According to a New Jersey lawmaker, Sen. Joe Kyrillos (R-Monmouth) wants to make attacks on cops a hate crime for which he is going to introduce a bill.

On Monday, Kyrillos told that he has decided to introduce a legislation which will expand upon the New Jersey’s hate crime statute. Violence against police will be included in it. The proposed measure will add law enforcement officers and emergency services personnel to the list of protected groups. Under the law, an individual will be guilty of bias intimidation if he/she commits another prohibited act like assault or harassment, “under circumstances that would cause a reasonable individual or group of individuals to be intimidated.”

The decision was made after 5 cops died in a shooting incident and 7 others sustained life-threatening injuries during a protest over fatal police shootings in Texas last week.

Kyrillos added, “We cannot allow an entire class of public servants to be targeted for violence due to their profession. If such attacks don’t qualify as hate crimes, I don’t know what does”.

The law that is in place now doesn’t allow so-called bias intimidation based on 9 different categories including:

  • Race
  • Color
  • Religion
  • Gender
  • Disability
  • Sexual orientation
  • Gender identity
  • National origin
  • Ethnicity

Tony Perry, Kyrillos’ director of legislative affairs, said that he has decided to propose the legislation on Thursday. A measure similar to his proposed bill was introduced once before in the month of January.

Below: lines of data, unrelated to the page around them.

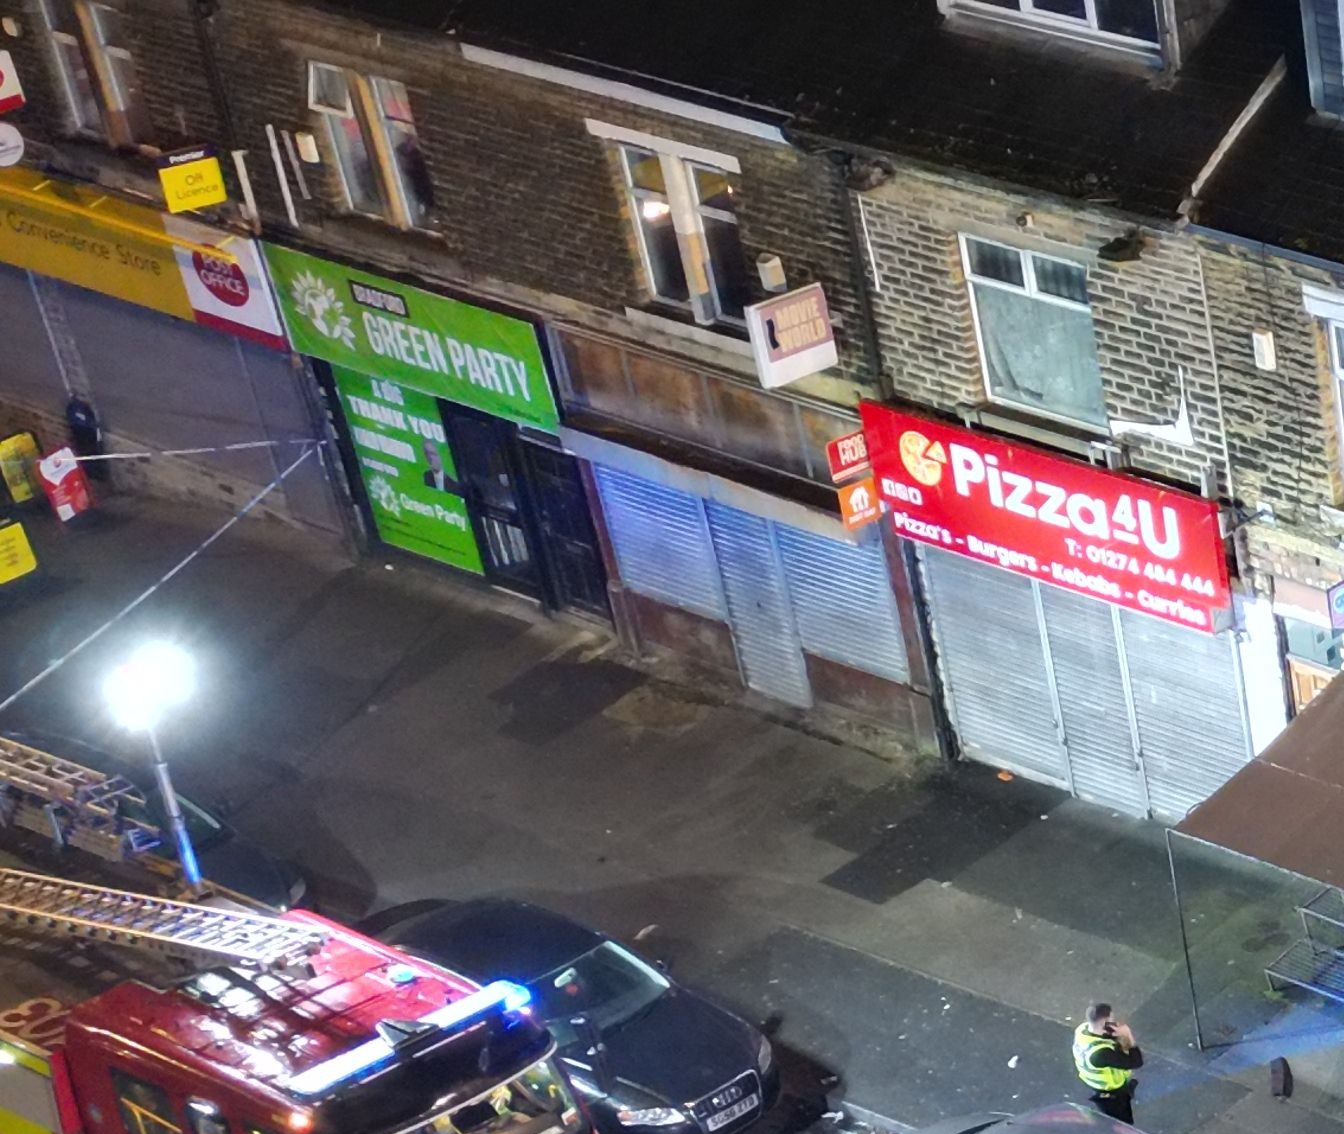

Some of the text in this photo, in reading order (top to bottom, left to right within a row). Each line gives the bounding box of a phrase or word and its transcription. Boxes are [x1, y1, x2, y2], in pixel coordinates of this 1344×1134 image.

[169, 151, 204, 164] Premier
[175, 183, 219, 200] Licence
[6, 210, 162, 276] Convenience Store
[202, 252, 236, 274] POST
[200, 269, 247, 296] OFFICE
[775, 297, 819, 326] MOVIE
[777, 318, 827, 353] WORLD
[362, 311, 532, 402] GREEN PARTY
[346, 394, 446, 443] THANK YOU
[837, 432, 864, 451] FOOD
[839, 441, 868, 466] HUB
[400, 493, 466, 532] Green Party
[949, 443, 1181, 560] Pizza4U
[893, 511, 952, 545] Pizza's
[966, 534, 1039, 572] Burgers
[1051, 562, 1121, 598] Kebabs
[1064, 537, 1082, 558] T:
[1086, 545, 1140, 575] 01274
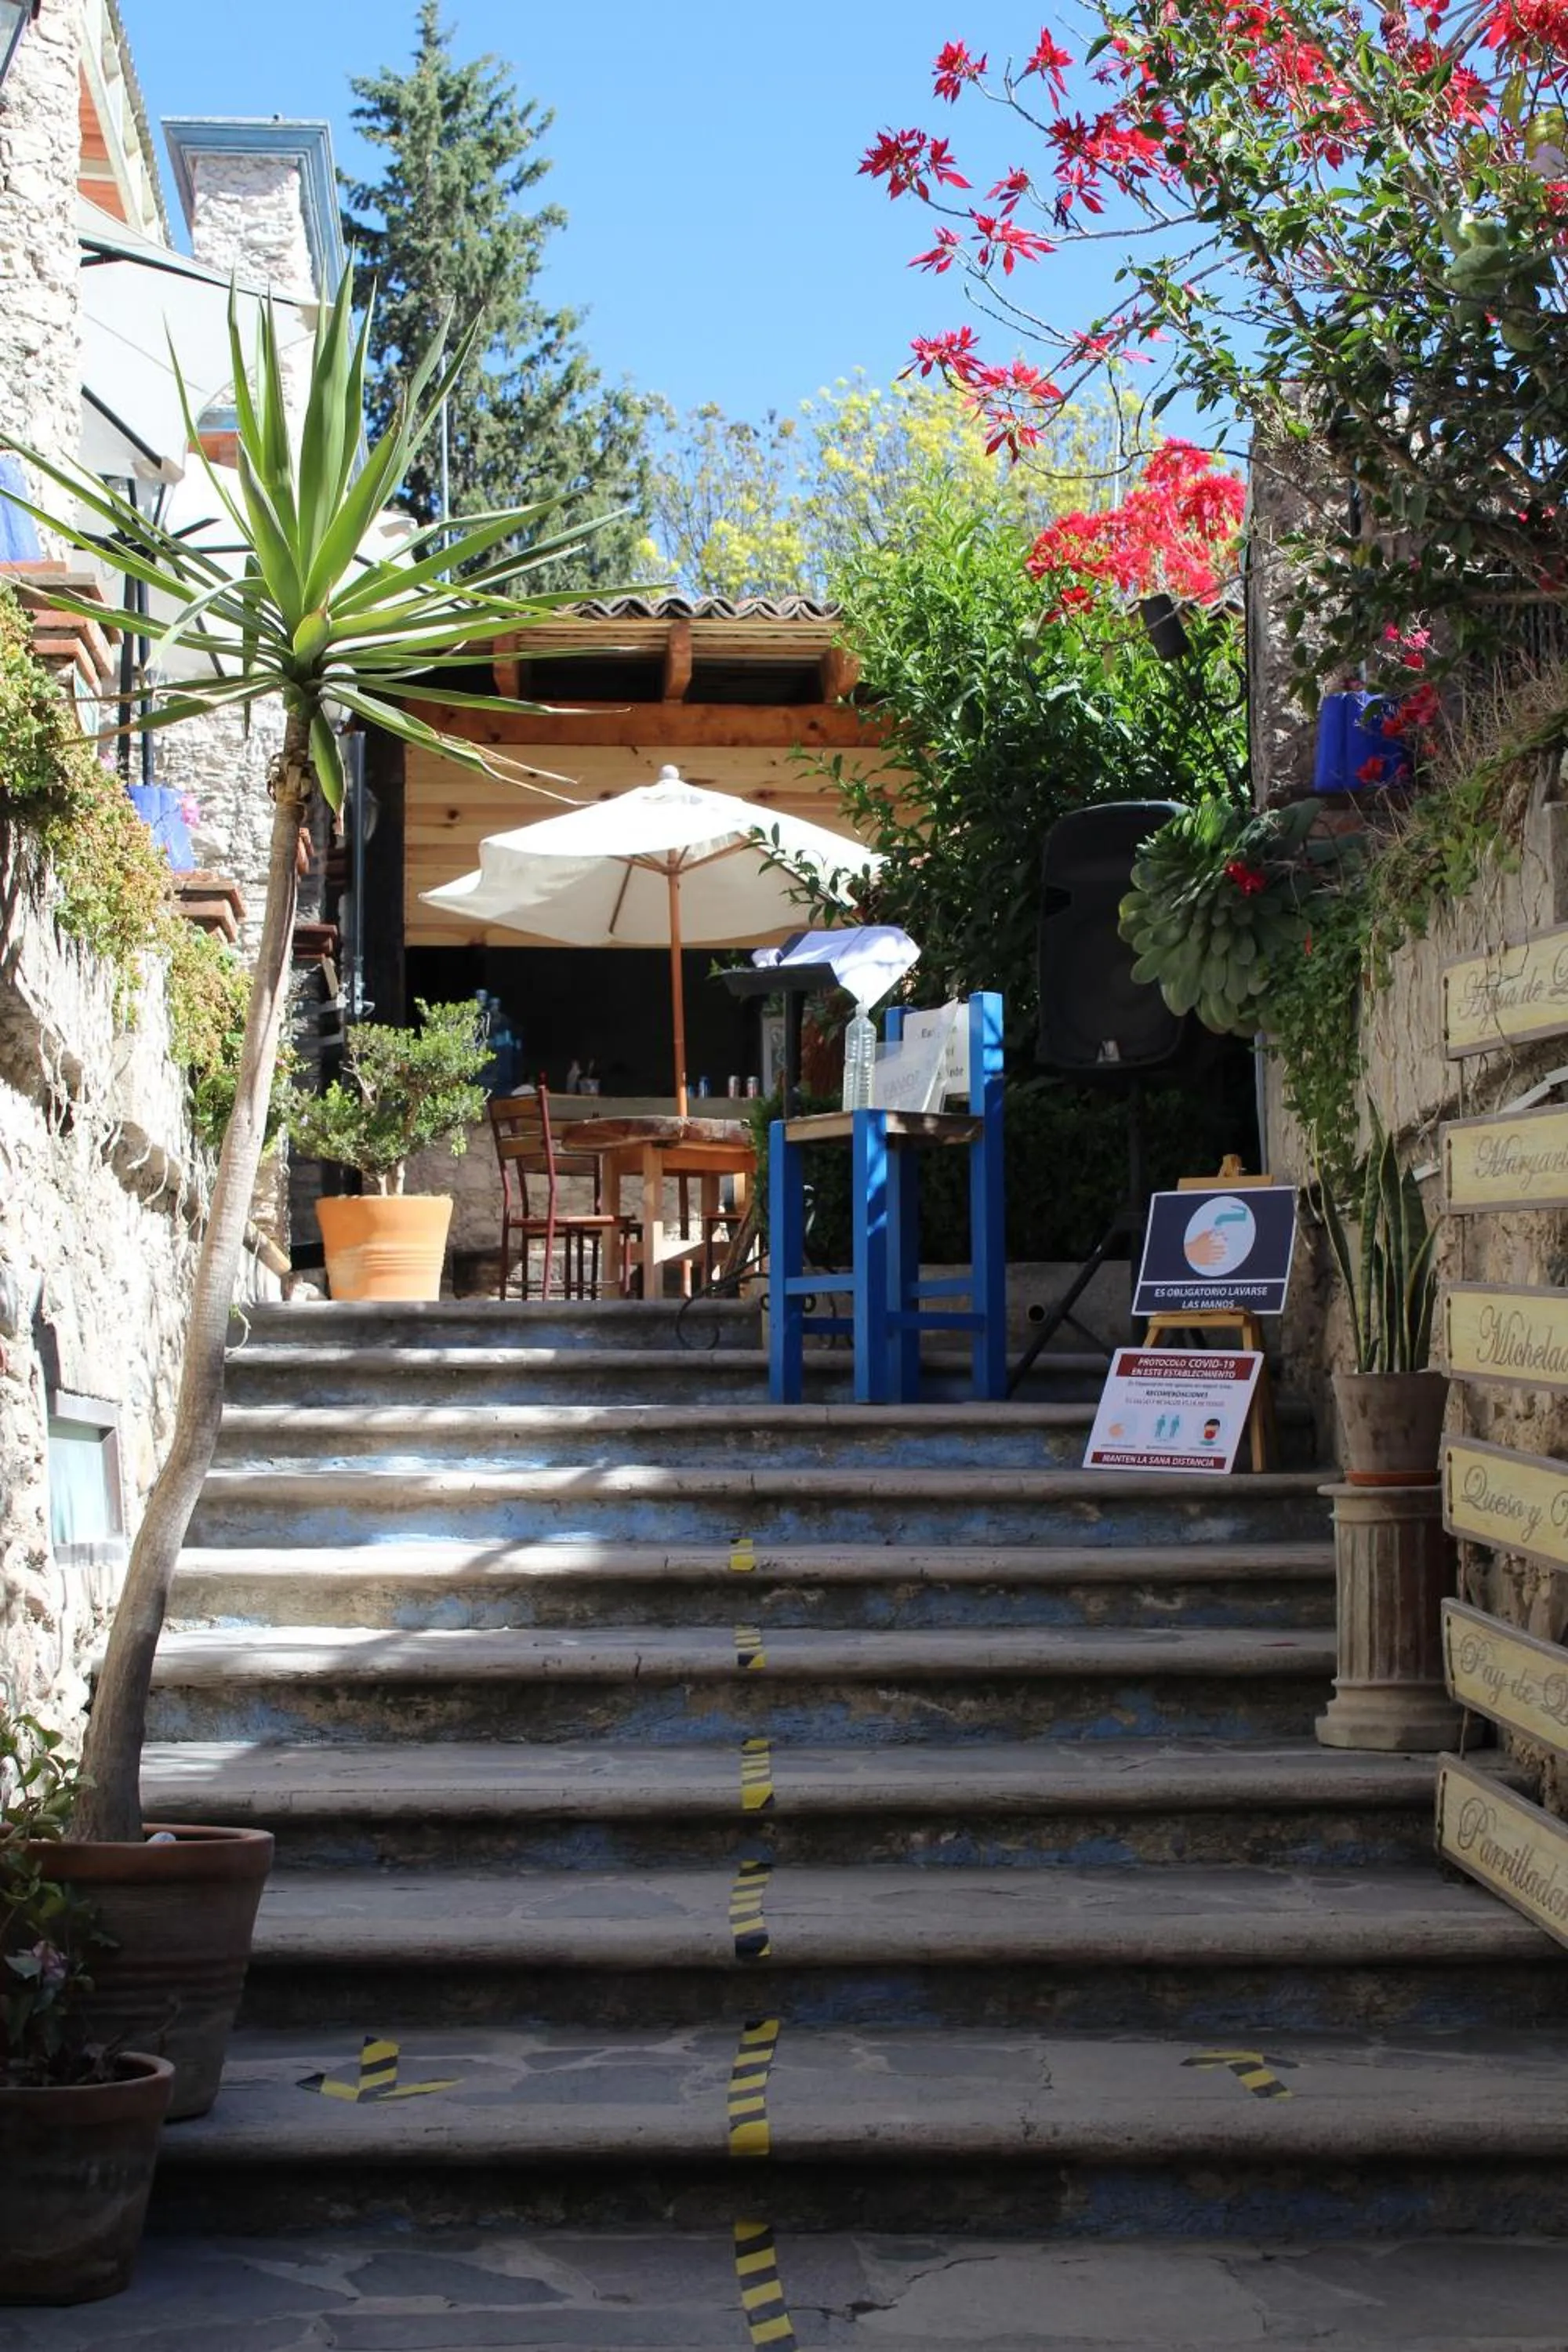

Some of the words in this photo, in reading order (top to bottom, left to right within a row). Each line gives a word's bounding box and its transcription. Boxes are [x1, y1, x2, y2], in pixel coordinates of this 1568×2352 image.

[1154, 1288, 1165, 1298] ES
[1167, 1287, 1226, 1297] OBLIGATORIO
[1228, 1287, 1268, 1296] LAVARSE
[1182, 1300, 1200, 1308] LAS
[1200, 1299, 1235, 1308] MANOS
[1138, 1357, 1186, 1367] PROTOCOLO
[1188, 1358, 1236, 1369] COVID-19
[1163, 1368, 1236, 1378] ESTABLECIMIENTO
[1149, 1456, 1171, 1465] SANA
[1172, 1457, 1214, 1467] DISTANCIA
[1461, 1465, 1523, 1520] Queso
[1521, 1504, 1544, 1543] y
[1460, 1632, 1505, 1706] Pay
[1511, 1668, 1533, 1704] de
[1457, 1797, 1568, 1920] Parrillada
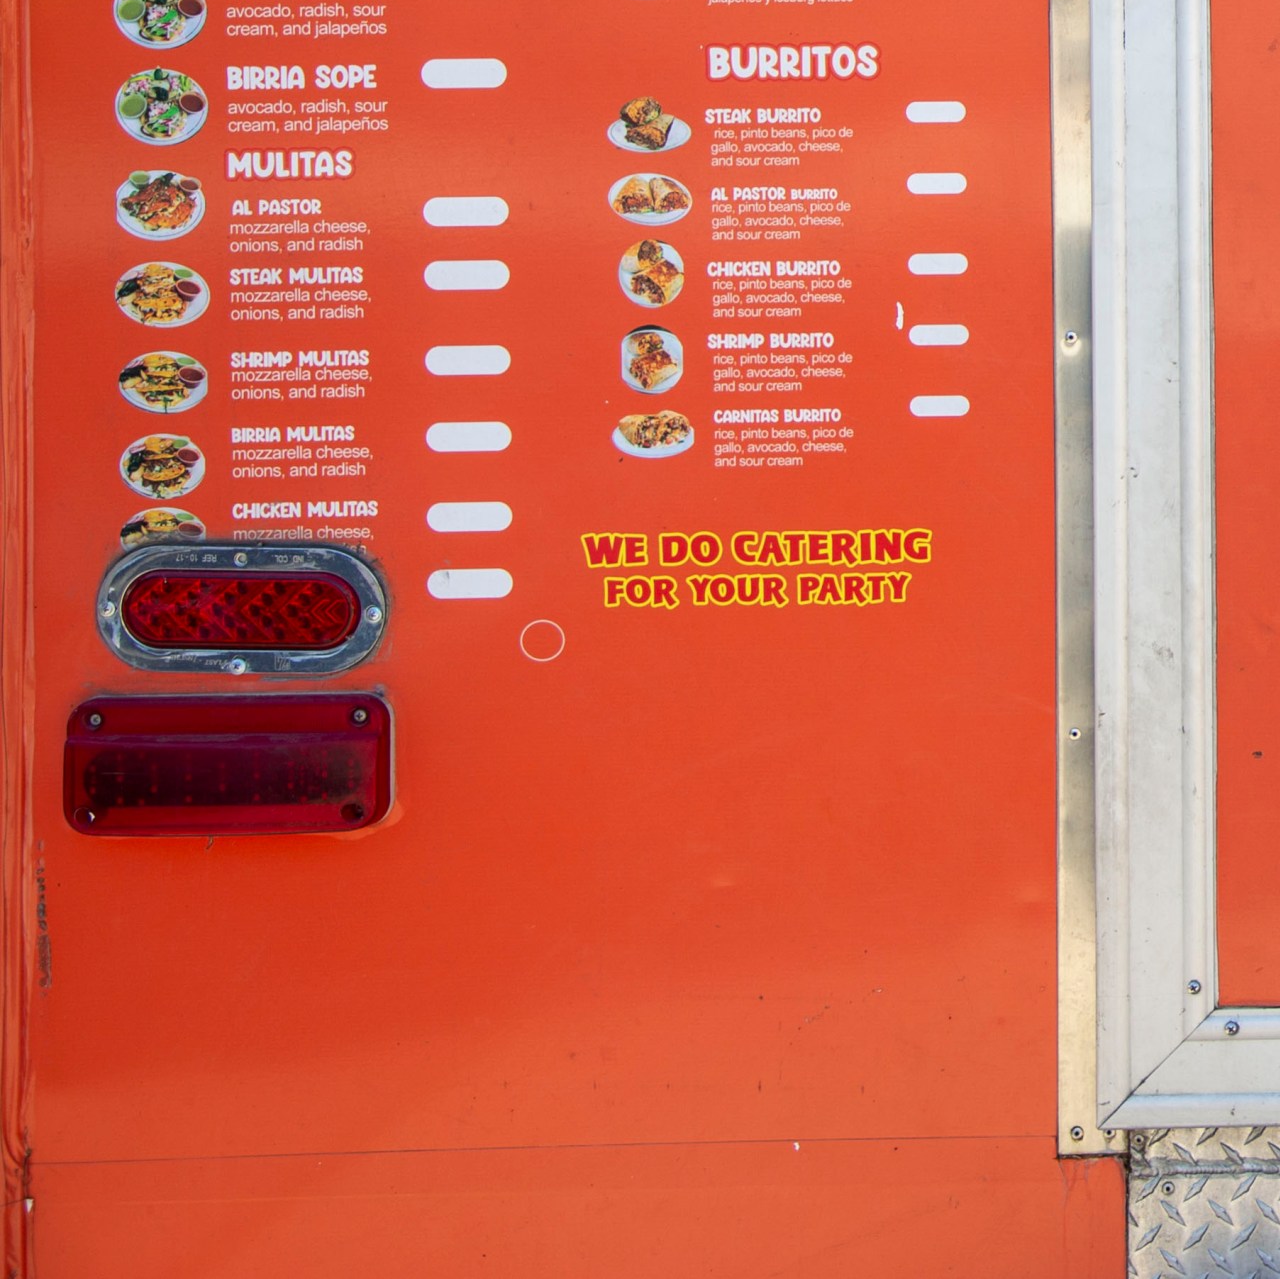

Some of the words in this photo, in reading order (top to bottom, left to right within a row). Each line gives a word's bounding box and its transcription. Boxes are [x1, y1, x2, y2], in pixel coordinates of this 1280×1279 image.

[708, 44, 878, 79] BURRITOS
[226, 65, 306, 91] BIRRIA
[314, 63, 377, 90] SOPE
[704, 108, 752, 125] STEAK
[756, 107, 822, 124] BURRITO
[714, 129, 738, 139] rice,
[740, 128, 769, 141] pinto
[770, 127, 807, 139] beans,
[812, 128, 837, 140] pico
[838, 126, 854, 138] de
[227, 150, 353, 179] MULITAS
[710, 187, 729, 202] AL
[732, 186, 786, 201] PASTOR
[790, 188, 838, 201] BURRITO
[231, 199, 253, 217] AL
[258, 198, 322, 216] PASTOR
[229, 219, 310, 235] mozzarella
[312, 219, 370, 234] cheese,
[229, 240, 282, 253] onions,
[286, 237, 315, 252] and
[318, 236, 363, 252] radish
[229, 267, 283, 286] STEAK
[288, 266, 364, 285] MULITAS
[706, 260, 772, 278] CHICKEN
[775, 259, 841, 277] BURRITO
[707, 333, 765, 350] SHRIMP
[769, 332, 835, 349] BURRITO
[230, 350, 293, 369] SHRIMP
[298, 349, 370, 369] MULITAS
[713, 408, 779, 424] CARNITAS
[783, 408, 842, 423] BURRITO
[231, 426, 281, 444] BIRRIA
[286, 425, 355, 443] MULITAS
[231, 501, 302, 520] CHICKEN
[307, 500, 379, 518] MULITAS
[580, 532, 649, 569] WE
[658, 530, 724, 567] DO
[730, 527, 933, 569] CATERING
[603, 574, 681, 610] FOR
[685, 573, 790, 609] YOUR
[796, 571, 913, 607] PARTY

The public policy director at the New Jersey chapter of the American Civil Liberties Union, Ari Rosmarin, said the shooting incident and attacks as “senseless”. But according to his opinion, the proposed changes to the hate crime law were not required. He has the view that there is a need to add life without parole in the New Jersey law for cop killers. It also distinguishes assault on a cop as a more critical offense than assault of a civilian. Rosmarin further said, “The events of the past week should generate a refocused effort in Trenton on fixing our broken criminal justice system, but this isn’t it”.

Preliminary data released by the FBI showed that the rate of cops killed by the suspects declined from the year 2014; a decrease of 20% is seen in the number of cops death cases.

The president of the New Jersey State Policemen’s Benevolent Association, Patrick Colligan, said that cops on patrol feel under attack and unsecure after the shooting incident. He told that the offender Micah Xavier Johnson told police he wanted to kill the white police officers and “pointed his rifle with hate. ”

According to Colligan, the proposed bill “sends the message that we’re a separate class”. He also said, “I know commercial fishermen and coal miners have a more dangerous profession (in terms of on-the-job deaths), but they’re killed because of accidents. We’re targeted because of the uniform”.